The findings of a recent study backed by DNA evidence is shedding new light on the genetic origins of perhaps the most celebrated civilization that once thrived in the Middle East. The researchers have successfully sequenced the first complete genome of 2500 years old remains of a young man discovered in Carthage. The Sequencing revealed that the ancient boy’s genome contains a rare European hunter gatherer genes; the finding has the potential to trigger the rewrite of the migration pattern of ancient Europeans into the North African region.
Researchers claim that the finding is significant as it could shed light on the scope and tendency of ancient people’s movement across continents.
The young man whose remains were discovered in cartage belonged to a civilization known as Phoenicians. Major contributors to the rise of mankind to the glory it enjoys today; Phoenicians were the genius civilization who created the first organized system of alphabets, effectively paving the way for the rise of knowledge and science in the coming millennium. Phoenicians lived in a chain of coastal city states of Tyre, Sidon, Byblos and Arad; constituting modern day regions of Lebanon and southern Syria.
According to historians the very first Phoenician city started forming sometime in 3200 BCE; and by 2750 BCE Phoenicians had developed into a thriving civilization comprised of many city states. Mainly peaceful folks, Phoenicians pride themselves in maritime trading and manufacturing all kinds of everyday items. With the trade stretching as far as Britain and Greece, Phoenicians were able to invest in the business of making ships, glass items, and a variety of other luxury goods such as dye, used for dying clothes and sometimes human hair?

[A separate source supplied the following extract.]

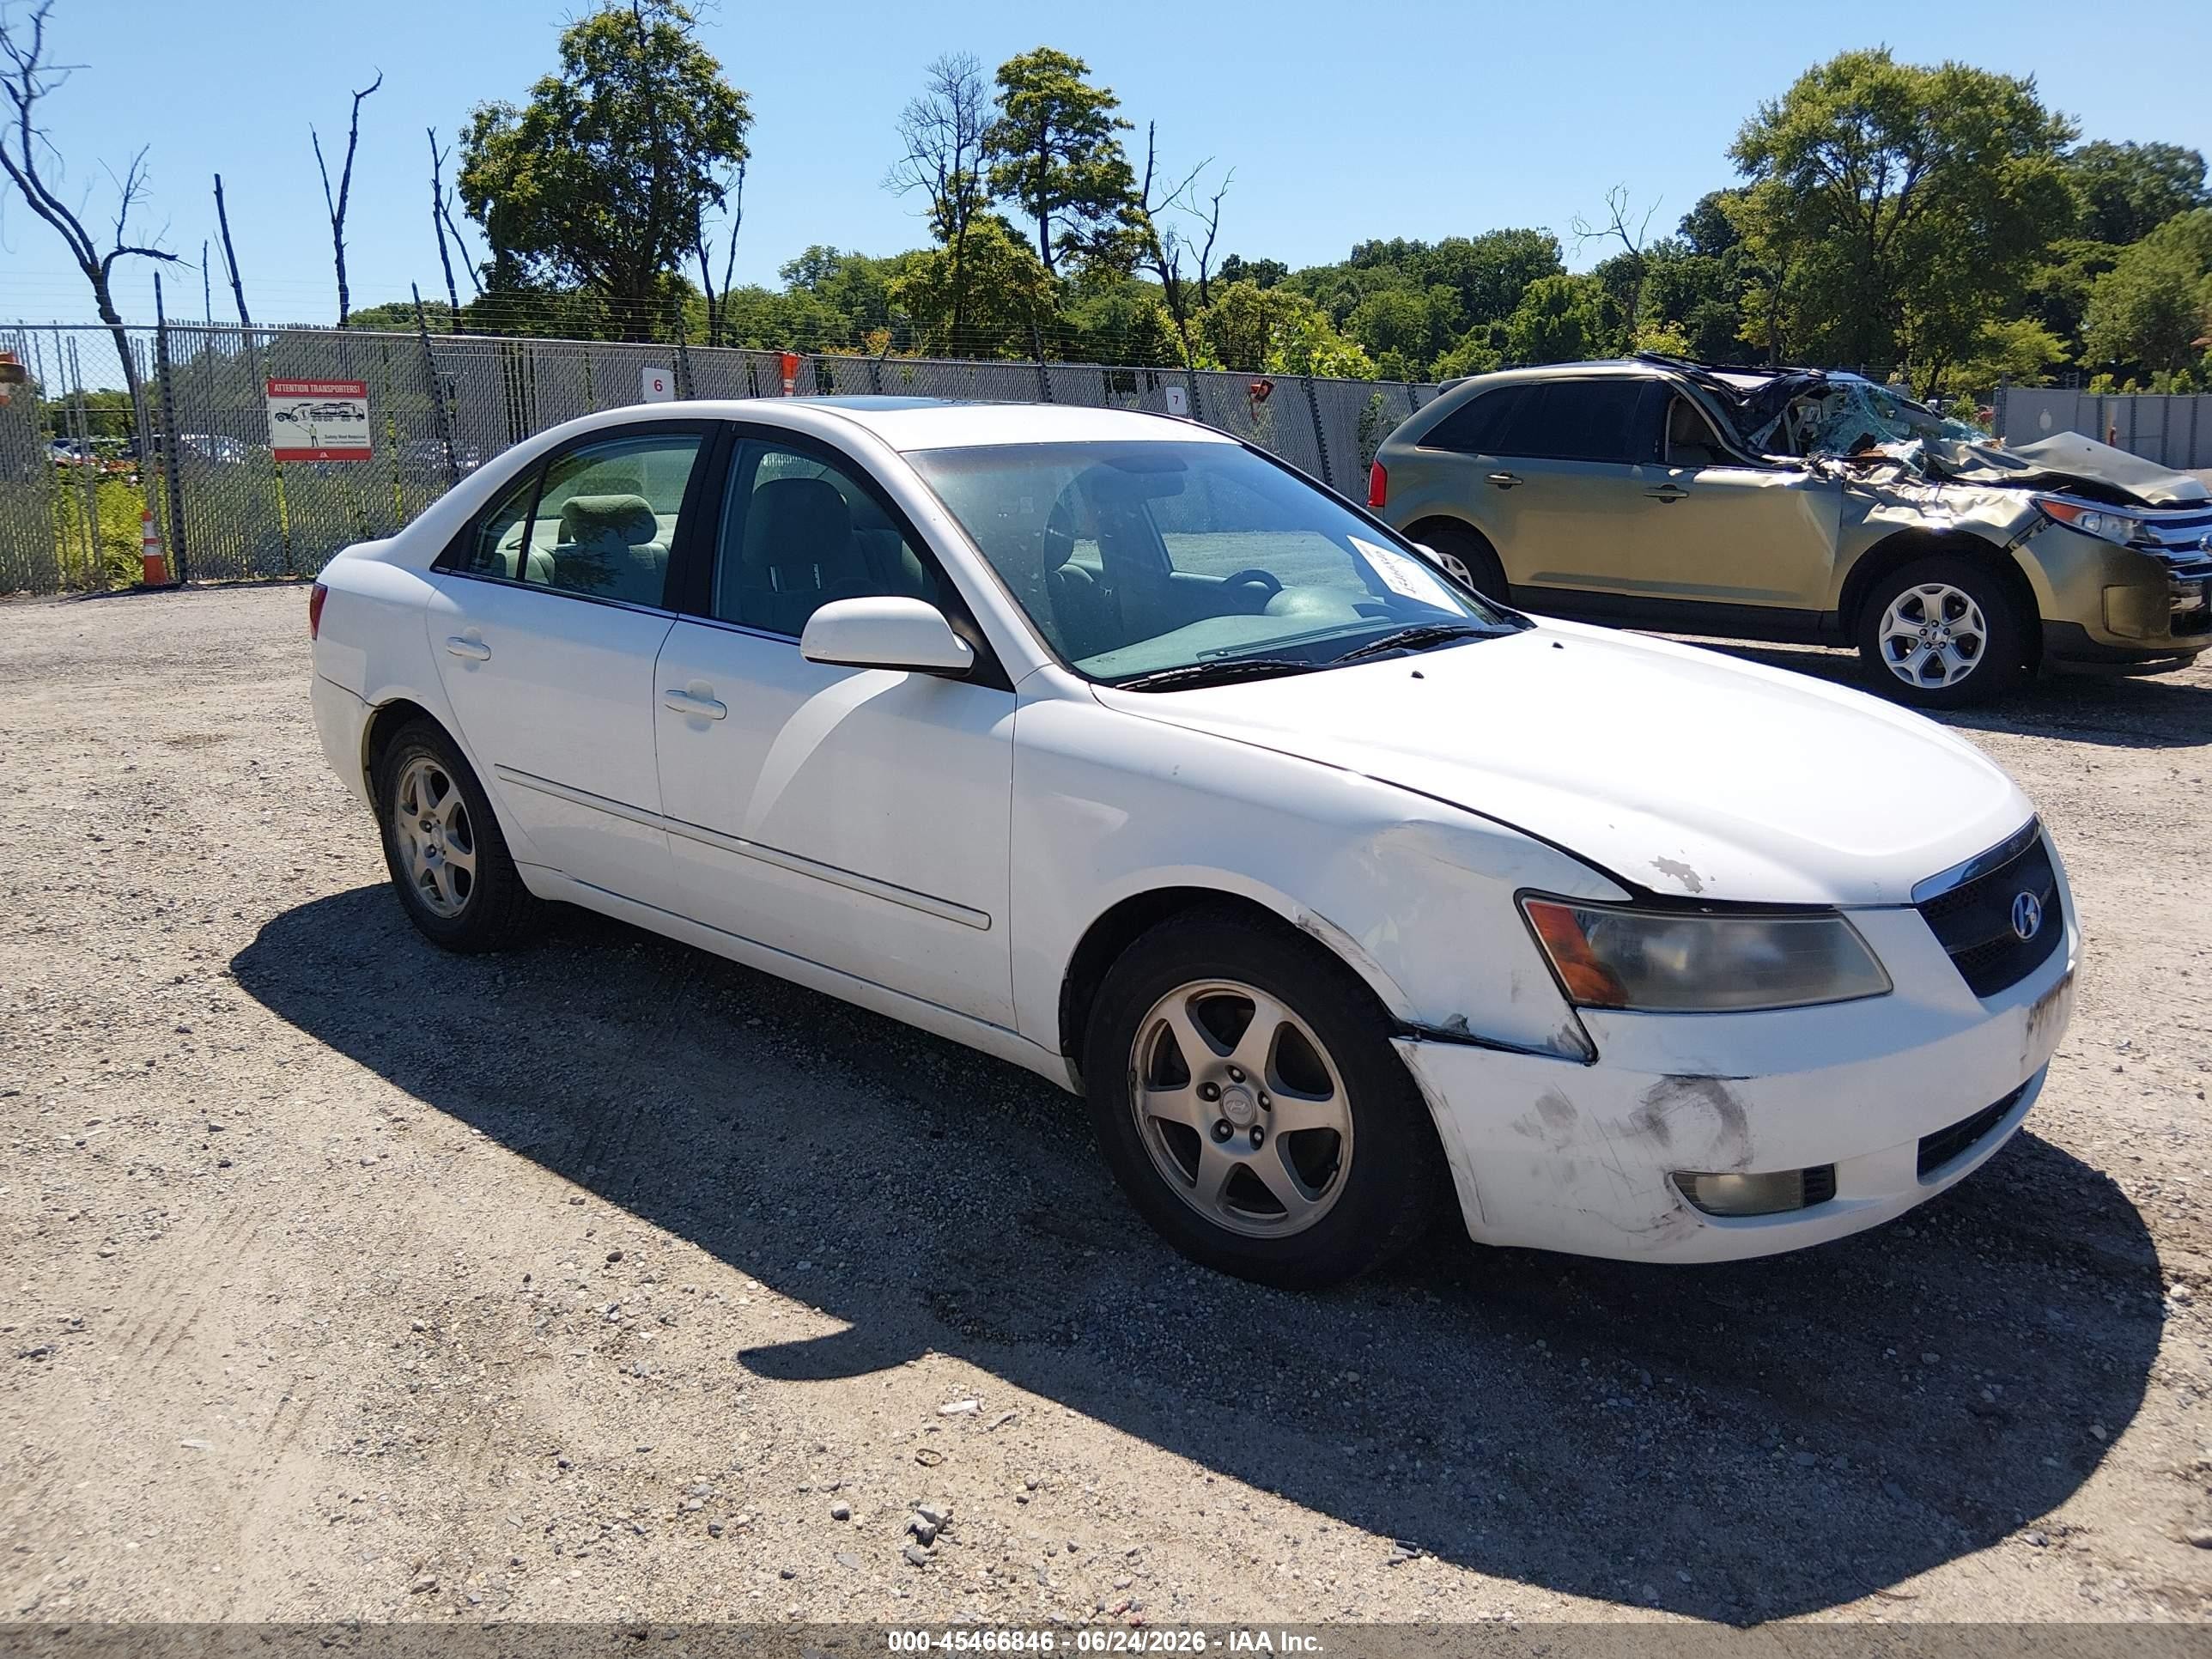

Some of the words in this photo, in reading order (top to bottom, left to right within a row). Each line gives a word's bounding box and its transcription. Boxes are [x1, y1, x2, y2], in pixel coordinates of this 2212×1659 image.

The demise of the Phoenicians started in the year 334 BCE, when Alexander the Great swept through the region conquering Sidon and Byblos and then arriving in Tyre. After witnessing the obliteration of other city states, the elders of Tyre decided to peacefully surrender to Alexander; however this did not stop the carnage that devastated once thriving and peaceful civilization. Historical figures differ but it is safe to say that Alexander’s Army brutally massacred some 30,000 Phoenicians including skilled designers and a number of great Phoenicians; those who somehow survived the ordeal were enslaved, soon after that Phoenician civilization slowly died out.
The researchers from the University of Otago, New Zealand claimed that the DNA sequencing of the Phoenician boy known in the scientific community as ‘Young man of Byrsa’ or ‘Archie’; resembles to a modern day Portuguese. A study was carried out in Lebanese region to find the resembling sequence, however, no confirmed match was reported hence the European origins of Phoenicians became a plausible theory.